#### DATA FOR REVIEW

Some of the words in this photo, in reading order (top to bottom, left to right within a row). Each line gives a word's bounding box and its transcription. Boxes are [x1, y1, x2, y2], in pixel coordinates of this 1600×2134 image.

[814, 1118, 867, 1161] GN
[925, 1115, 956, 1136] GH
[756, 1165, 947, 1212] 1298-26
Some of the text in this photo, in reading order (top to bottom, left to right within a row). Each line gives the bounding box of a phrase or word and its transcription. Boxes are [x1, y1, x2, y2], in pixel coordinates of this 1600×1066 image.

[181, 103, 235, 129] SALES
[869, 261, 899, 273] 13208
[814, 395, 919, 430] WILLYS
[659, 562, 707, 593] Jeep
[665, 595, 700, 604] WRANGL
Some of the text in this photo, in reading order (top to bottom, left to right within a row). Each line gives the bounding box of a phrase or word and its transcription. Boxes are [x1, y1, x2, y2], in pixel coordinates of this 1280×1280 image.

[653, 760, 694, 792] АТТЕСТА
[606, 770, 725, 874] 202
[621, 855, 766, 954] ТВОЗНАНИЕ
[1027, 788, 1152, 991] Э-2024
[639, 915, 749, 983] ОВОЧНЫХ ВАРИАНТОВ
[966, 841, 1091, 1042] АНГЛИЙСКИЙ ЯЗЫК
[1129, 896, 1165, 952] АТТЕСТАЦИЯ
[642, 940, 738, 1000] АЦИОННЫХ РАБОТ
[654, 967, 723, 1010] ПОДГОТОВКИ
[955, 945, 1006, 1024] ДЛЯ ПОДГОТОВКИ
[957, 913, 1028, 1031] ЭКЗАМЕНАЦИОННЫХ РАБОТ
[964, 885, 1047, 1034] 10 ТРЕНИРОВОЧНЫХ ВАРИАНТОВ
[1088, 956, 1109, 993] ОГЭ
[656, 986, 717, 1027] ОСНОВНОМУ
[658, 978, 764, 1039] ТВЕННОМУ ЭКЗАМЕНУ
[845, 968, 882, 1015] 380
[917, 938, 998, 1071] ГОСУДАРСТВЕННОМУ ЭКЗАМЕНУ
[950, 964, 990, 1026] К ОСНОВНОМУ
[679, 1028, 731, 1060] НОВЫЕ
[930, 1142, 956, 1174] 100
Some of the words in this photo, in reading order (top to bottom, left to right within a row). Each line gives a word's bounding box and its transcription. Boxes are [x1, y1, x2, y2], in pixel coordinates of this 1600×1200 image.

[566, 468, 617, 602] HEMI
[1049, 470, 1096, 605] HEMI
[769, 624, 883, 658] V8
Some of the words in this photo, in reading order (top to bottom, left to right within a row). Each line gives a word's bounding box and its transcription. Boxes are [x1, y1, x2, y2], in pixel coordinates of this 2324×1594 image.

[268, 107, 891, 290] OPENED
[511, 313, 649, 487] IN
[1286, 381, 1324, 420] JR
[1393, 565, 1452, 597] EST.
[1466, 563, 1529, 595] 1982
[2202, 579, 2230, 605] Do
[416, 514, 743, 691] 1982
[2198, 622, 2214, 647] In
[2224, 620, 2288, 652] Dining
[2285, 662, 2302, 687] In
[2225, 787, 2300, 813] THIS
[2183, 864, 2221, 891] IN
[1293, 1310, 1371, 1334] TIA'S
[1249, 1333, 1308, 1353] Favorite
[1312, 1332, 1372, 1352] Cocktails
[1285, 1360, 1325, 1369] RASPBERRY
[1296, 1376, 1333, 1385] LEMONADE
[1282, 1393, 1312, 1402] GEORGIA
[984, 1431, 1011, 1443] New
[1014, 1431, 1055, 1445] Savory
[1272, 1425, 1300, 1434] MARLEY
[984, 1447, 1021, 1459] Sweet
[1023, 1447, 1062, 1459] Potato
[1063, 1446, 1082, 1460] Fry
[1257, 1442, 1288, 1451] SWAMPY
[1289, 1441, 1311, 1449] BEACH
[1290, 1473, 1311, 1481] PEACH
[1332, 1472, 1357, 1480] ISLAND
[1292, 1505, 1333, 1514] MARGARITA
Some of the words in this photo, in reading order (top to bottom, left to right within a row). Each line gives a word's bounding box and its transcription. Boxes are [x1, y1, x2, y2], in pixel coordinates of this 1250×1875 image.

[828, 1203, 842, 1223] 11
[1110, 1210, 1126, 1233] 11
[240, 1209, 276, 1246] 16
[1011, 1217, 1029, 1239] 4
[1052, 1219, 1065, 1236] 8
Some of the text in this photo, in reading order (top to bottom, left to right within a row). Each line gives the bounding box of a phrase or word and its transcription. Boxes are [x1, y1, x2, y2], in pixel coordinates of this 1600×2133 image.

########

* _WHAT YOU NEED TO DO_: Word for word, transcribe each of the entries above.

* _WRITTEN ANSWER_:
Some of the words in this photo, in reading order (top to bottom, left to right within a row). Each line gives a word's bounding box and its transcription. Boxes are [x1, y1, x2, y2], in pixel coordinates of this 1600×2134 image.

[814, 1118, 867, 1161] GN
[925, 1115, 956, 1136] GH
[756, 1165, 947, 1212] 1298-26
Some of the text in this photo, in reading order (top to bottom, left to right within a row). Each line gives the bounding box of a phrase or word and its transcription. Boxes are [x1, y1, x2, y2], in pixel coordinates of this 1600×1066 image.

[181, 103, 235, 129] SALES
[869, 261, 899, 273] 13208
[814, 395, 919, 430] WILLYS
[659, 562, 707, 593] Jeep
[665, 595, 700, 604] WRANGL
Some of the text in this photo, in reading order (top to bottom, left to right within a row). Each line gives the bounding box of a phrase or word and its transcription. Boxes are [x1, y1, x2, y2], in pixel coordinates of this 1280×1280 image.

[653, 760, 694, 792] АТТЕСТА
[606, 770, 725, 874] 202
[621, 855, 766, 954] ТВОЗНАНИЕ
[1027, 788, 1152, 991] Э-2024
[639, 915, 749, 983] ОВОЧНЫХ ВАРИАНТОВ
[966, 841, 1091, 1042] АНГЛИЙСКИЙ ЯЗЫК
[1129, 896, 1165, 952] АТТЕСТАЦИЯ
[642, 940, 738, 1000] АЦИОННЫХ РАБОТ
[654, 967, 723, 1010] ПОДГОТОВКИ
[955, 945, 1006, 1024] ДЛЯ ПОДГОТОВКИ
[957, 913, 1028, 1031] ЭКЗАМЕНАЦИОННЫХ РАБОТ
[964, 885, 1047, 1034] 10 ТРЕНИРОВОЧНЫХ ВАРИАНТОВ
[1088, 956, 1109, 993] ОГЭ
[656, 986, 717, 1027] ОСНОВНОМУ
[658, 978, 764, 1039] ТВЕННОМУ ЭКЗАМЕНУ
[845, 968, 882, 1015] 380
[917, 938, 998, 1071] ГОСУДАРСТВЕННОМУ ЭКЗАМЕНУ
[950, 964, 990, 1026] К ОСНОВНОМУ
[679, 1028, 731, 1060] НОВЫЕ
[930, 1142, 956, 1174] 100
Some of the words in this photo, in reading order (top to bottom, left to right within a row). Each line gives a word's bounding box and its transcription. Boxes are [x1, y1, x2, y2], in pixel coordinates of this 1600×1200 image.

[566, 468, 617, 602] HEMI
[1049, 470, 1096, 605] HEMI
[769, 624, 883, 658] V8
Some of the words in this photo, in reading order (top to bottom, left to right within a row). Each line gives a word's bounding box and its transcription. Boxes are [x1, y1, x2, y2], in pixel coordinates of this 2324×1594 image.

[268, 107, 891, 290] OPENED
[511, 313, 649, 487] IN
[1286, 381, 1324, 420] JR
[1393, 565, 1452, 597] EST.
[1466, 563, 1529, 595] 1982
[2202, 579, 2230, 605] Do
[416, 514, 743, 691] 1982
[2198, 622, 2214, 647] In
[2224, 620, 2288, 652] Dining
[2285, 662, 2302, 687] In
[2225, 787, 2300, 813] THIS
[2183, 864, 2221, 891] IN
[1293, 1310, 1371, 1334] TIA'S
[1249, 1333, 1308, 1353] Favorite
[1312, 1332, 1372, 1352] Cocktails
[1285, 1360, 1325, 1369] RASPBERRY
[1296, 1376, 1333, 1385] LEMONADE
[1282, 1393, 1312, 1402] GEORGIA
[984, 1431, 1011, 1443] New
[1014, 1431, 1055, 1445] Savory
[1272, 1425, 1300, 1434] MARLEY
[984, 1447, 1021, 1459] Sweet
[1023, 1447, 1062, 1459] Potato
[1063, 1446, 1082, 1460] Fry
[1257, 1442, 1288, 1451] SWAMPY
[1289, 1441, 1311, 1449] BEACH
[1290, 1473, 1311, 1481] PEACH
[1332, 1472, 1357, 1480] ISLAND
[1292, 1505, 1333, 1514] MARGARITA
Some of the words in this photo, in reading order (top to bottom, left to right within a row). Each line gives a word's bounding box and its transcription. Boxes are [x1, y1, x2, y2], in pixel coordinates of this 1250×1875 image.

[828, 1203, 842, 1223] 11
[1110, 1210, 1126, 1233] 11
[240, 1209, 276, 1246] 16
[1011, 1217, 1029, 1239] 4
[1052, 1219, 1065, 1236] 8
Some of the text in this photo, in reading order (top to bottom, left to right within a row). Each line gives the bounding box of a phrase or word and its transcription. Boxes are [x1, y1, x2, y2], in pixel coordinates of this 1600×2133 image.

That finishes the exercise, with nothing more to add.